PROBLEM REQUIREMENTS -
Copy out the line containing "this 1632×1224 image." and each line after it, through the last one in the material, exactly as written.
================================
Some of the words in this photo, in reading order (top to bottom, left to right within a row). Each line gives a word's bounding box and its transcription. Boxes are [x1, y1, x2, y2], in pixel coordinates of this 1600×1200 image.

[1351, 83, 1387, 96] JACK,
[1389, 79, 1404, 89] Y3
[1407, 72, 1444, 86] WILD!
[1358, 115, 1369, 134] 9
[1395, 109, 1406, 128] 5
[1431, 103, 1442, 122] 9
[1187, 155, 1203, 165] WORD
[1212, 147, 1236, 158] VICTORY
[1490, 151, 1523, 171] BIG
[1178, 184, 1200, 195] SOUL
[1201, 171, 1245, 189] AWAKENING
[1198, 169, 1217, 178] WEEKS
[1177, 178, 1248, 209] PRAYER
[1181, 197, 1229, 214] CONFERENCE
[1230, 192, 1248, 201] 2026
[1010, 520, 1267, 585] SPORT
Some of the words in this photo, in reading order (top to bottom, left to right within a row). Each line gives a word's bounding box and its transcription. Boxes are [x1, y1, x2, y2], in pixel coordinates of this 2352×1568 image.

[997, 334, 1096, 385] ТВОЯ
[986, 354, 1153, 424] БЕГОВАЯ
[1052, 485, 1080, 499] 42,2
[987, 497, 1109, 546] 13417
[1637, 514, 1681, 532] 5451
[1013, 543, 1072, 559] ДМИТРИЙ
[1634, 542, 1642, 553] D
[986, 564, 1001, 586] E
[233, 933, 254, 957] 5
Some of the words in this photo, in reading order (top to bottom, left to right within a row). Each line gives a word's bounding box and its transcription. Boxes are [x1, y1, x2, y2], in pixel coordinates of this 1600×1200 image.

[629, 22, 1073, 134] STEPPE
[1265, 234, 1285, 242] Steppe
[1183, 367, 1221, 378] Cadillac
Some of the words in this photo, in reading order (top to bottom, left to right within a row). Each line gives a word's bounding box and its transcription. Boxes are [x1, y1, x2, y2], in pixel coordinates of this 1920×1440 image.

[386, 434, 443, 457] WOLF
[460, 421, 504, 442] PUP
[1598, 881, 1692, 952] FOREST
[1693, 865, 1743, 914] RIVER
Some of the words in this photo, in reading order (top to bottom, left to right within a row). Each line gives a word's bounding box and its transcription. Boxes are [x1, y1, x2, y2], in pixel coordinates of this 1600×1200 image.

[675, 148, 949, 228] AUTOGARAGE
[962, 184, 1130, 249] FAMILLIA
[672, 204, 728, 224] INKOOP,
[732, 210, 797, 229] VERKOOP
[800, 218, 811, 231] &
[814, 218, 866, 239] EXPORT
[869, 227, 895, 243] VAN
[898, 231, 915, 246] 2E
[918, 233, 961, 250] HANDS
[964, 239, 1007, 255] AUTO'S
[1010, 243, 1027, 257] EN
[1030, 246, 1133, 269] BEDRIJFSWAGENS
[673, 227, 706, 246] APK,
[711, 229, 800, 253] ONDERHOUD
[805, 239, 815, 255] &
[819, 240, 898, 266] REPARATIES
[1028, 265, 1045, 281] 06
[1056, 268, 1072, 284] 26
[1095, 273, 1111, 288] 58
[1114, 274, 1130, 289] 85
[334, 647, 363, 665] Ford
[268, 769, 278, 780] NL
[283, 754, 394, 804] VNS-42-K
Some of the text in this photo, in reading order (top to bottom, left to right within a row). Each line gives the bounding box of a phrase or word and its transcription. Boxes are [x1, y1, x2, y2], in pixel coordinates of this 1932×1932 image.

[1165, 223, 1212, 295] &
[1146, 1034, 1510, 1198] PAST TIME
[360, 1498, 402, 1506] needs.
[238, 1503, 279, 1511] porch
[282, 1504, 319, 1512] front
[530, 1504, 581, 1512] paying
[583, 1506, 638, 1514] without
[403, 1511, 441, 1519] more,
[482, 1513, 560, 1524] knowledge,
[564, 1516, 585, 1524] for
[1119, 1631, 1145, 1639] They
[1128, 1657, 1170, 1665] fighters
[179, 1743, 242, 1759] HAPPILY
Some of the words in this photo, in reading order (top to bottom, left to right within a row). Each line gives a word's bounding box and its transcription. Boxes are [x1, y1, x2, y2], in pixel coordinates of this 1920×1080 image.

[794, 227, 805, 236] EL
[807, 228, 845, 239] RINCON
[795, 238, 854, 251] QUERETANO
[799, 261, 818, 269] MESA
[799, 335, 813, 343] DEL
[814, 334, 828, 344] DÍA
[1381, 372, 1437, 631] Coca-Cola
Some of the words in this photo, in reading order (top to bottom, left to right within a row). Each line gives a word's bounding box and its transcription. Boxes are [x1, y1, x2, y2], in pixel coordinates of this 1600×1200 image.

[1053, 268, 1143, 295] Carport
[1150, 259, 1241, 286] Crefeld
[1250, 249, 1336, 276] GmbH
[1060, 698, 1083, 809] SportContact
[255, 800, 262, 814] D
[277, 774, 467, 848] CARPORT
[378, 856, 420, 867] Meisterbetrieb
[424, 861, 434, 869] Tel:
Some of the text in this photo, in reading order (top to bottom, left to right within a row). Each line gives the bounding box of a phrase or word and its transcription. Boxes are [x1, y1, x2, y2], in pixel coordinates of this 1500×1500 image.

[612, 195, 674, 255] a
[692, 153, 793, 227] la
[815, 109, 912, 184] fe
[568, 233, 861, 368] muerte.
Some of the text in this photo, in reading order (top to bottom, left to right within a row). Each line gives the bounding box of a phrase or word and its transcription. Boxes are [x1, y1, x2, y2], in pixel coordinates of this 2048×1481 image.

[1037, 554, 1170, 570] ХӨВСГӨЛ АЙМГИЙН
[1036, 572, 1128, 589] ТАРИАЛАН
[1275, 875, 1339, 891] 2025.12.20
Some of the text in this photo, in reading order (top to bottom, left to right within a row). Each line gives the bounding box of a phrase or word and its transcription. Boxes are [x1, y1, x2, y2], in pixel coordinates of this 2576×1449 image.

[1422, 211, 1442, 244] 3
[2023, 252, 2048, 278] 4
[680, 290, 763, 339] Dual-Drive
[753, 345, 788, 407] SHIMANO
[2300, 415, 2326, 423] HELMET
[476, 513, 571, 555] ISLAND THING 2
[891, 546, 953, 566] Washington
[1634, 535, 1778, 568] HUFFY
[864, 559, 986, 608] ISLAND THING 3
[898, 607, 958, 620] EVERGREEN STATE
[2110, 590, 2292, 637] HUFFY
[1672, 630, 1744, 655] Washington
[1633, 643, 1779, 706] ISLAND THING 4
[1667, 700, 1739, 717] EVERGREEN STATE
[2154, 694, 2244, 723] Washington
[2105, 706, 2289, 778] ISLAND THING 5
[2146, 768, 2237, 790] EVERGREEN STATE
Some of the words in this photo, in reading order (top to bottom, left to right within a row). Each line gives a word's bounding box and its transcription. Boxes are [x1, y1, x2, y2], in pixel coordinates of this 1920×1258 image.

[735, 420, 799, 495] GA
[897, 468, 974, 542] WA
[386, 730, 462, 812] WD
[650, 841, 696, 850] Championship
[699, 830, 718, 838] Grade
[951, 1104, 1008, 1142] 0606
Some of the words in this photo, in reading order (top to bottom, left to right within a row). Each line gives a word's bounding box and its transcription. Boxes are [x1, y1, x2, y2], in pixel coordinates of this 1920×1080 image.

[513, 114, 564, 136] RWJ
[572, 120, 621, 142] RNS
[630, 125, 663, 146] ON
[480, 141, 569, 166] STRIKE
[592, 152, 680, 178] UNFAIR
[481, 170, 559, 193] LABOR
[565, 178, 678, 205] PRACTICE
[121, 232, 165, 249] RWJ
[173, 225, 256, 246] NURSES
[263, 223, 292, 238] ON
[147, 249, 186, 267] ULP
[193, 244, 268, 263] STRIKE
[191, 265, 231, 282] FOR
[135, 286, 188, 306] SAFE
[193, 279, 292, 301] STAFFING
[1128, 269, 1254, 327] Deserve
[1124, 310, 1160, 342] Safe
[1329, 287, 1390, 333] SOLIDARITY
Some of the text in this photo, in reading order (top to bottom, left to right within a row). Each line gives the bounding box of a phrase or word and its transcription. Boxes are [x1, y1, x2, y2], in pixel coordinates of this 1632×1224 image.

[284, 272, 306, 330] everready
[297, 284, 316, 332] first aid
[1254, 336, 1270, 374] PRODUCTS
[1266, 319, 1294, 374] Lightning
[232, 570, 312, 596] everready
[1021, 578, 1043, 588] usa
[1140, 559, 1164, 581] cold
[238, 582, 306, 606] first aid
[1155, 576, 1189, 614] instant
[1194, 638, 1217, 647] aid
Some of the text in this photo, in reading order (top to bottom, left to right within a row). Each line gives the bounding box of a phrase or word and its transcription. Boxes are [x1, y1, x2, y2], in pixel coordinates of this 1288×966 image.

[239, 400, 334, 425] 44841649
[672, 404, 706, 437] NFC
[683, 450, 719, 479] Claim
================================
RESULT -
Some of the text in this photo, in reading order (top to bottom, left to right within a row). Each line gives the bounding box of a phrase or word and its transcription. Boxes are [x1, y1, x2, y2], in pixel coordinates of this 1632×1224 image.

[284, 272, 306, 330] everready
[297, 284, 316, 332] first aid
[1254, 336, 1270, 374] PRODUCTS
[1266, 319, 1294, 374] Lightning
[232, 570, 312, 596] everready
[1021, 578, 1043, 588] usa
[1140, 559, 1164, 581] cold
[238, 582, 306, 606] first aid
[1155, 576, 1189, 614] instant
[1194, 638, 1217, 647] aid
Some of the text in this photo, in reading order (top to bottom, left to right within a row). Each line gives the bounding box of a phrase or word and its transcription. Boxes are [x1, y1, x2, y2], in pixel coordinates of this 1288×966 image.

[239, 400, 334, 425] 44841649
[672, 404, 706, 437] NFC
[683, 450, 719, 479] Claim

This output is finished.